SINGAPORE — Singapore's athletics team have just had their best showing at the Southeast Asian (SEA) Games in almost 30 years, and many athletes say this was mainly thanks to the fact that the fraternity, which has previously been mired by infighting and politicking, was less distracted by drama this time around.

The Singapore team delivered 11 medals at the Games that were held in Hanoi, Vietnam earlier this month — one gold, three silvers and seven bronzes — the biggest haul since the 1993 instalment of the SEA Games, when the athletics team brought in 12 medals. 

This latest performance far outstripped the three bronze medals that the athletics contingent brought home during the last SEA Games in 2019, which led to heavy criticism of the athletics fraternity. 

National sprinter Shanti Pereira, who won the athletics team's only gold medal while setting a new national record in the 200m, said that when the hectic six-day athletics schedule was over, she and her teammates noticed one thing: That this had been a relatively “quiet” competition, absent any drama and politicking. 

“None of us (athletes) actually realised it until the end of the games, that oh yeah, there hasn’t been much happening, which is a good thing because it means we can go into the games and focus on the performance,” the 25-year-old said. 

Previous editions of the SEA Games have not been as smooth-sailing. 

In 2017, during the SEA Games held in Kuala Lumpur, Singapore Athletics (SA) hit the headlines for all the wrong reasons

Internal squabbles within SA descended into a failed attempt by the national sports association (NSA) to hold a snap election to re-elect its management committee. 

A dispute between SA's former technical director Volker Hermann and Margaret Oh, former coach of Pereira, over the location of a training camp saw SA threatening to boot the 2015 SEA Games 200m champion out of its women’s 4x100m relay team. 

Infighting within the fraternity continued in 2019, with national marathoner Soh Rui Yong filing a defamation writ against SA's former executive director Syed Abdul Malik Aljunied over allegedly defamatory comments that Mr Malik had posted on his Facebook page then. 

During these few years, the performance of Singapore's athletics team at the SEA Games dipped.
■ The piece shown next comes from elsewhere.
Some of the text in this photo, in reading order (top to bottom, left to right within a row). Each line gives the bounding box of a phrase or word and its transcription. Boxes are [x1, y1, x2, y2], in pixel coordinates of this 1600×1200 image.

While it managed to clinch nine medals (three golds, three silvers, and three bronzes) in the 2015 Games held in Singapore, it attained eight medals (two golds, two silvers and four bronzes) in 2017, and the tally fell further to the three bronze medals in 2019. 
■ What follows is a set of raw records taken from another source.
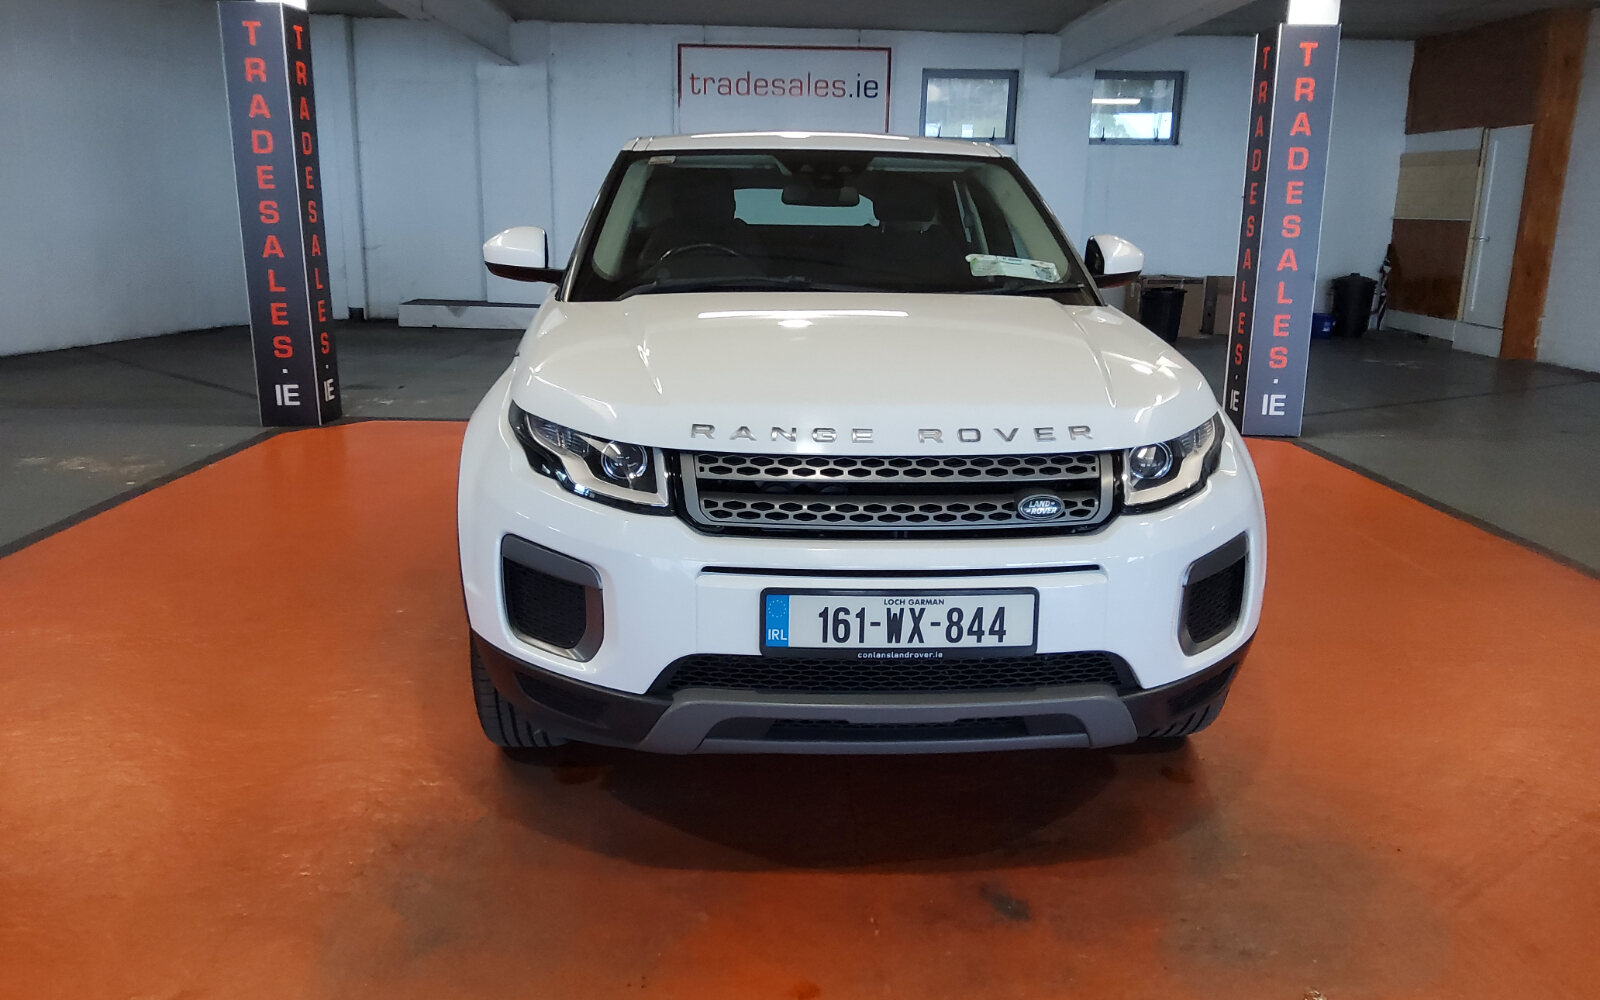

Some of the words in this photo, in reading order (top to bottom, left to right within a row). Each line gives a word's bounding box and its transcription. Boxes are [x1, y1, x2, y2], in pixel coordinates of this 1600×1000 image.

[689, 71, 879, 99] tradesales.ie
[690, 423, 875, 443] RANGE
[918, 425, 1093, 443] ROVER
[1029, 500, 1051, 508] LAND
[1030, 507, 1058, 515] ROVER
[883, 598, 906, 606] LOCH
[908, 598, 945, 606] GARMAN
[818, 606, 1007, 644] 161-WX-844
[767, 629, 788, 641] IRL
[857, 650, 944, 659] conlanslandrover.ie
Athletes and observers told TODAY that things changed when the new SA leadership took over the helm in September 2020. 

Speaking to TODAY, SA president Lien Choong Luen said that when he took over, he made sure to repair any strained relationships with various stakeholders such as Sport Singapore, sponsors and the athletes themselves. 

“We were taking a tally when we took over and there were probably... in the overall athletics community, more than 10 outstanding disciplinary and legal cases, not all involving SA, but involving athletics.”
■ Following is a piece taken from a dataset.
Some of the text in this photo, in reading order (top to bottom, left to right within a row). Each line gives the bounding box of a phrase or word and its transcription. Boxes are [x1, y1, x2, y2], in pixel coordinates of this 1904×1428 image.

Preferring not to name any specific cases, he said that his team's approach was to first de-escalate the conflicts. 

"De-escalation means not chasing (matters) to the nth degree, it means much more effort at talking," he said. "To always take a very principal-based approach, rather than a personal or personality based approach to issues." 

A month after the new SA leadership took over, marathoner Soh withdrew all lawsuits against the national sporting association, after SA withdraw a media statement issued the year before that said the marathoner had breached SA’s athletic code of conduct, among other reconciliatory measures. 

However, while SA had nominated Soh for this year’s SEA Games, the Singapore National Olympic Council (SNOC) made the final decision to leave him out

SNOC had cited Soh’s “unbecoming” conduct and behaviour as the reason for his omission. While there was some disquiet among Soh and his supporters, it blew over quickly, with Soh deciding not to appeal against the decision after consultation with Mr Lien. 

LACK OF DRAMA HELPED ATHLETES FOCUS 

National high-jumper Michelle Sng certainly noticed a stark change in terms of the sport not making any negative headlines.  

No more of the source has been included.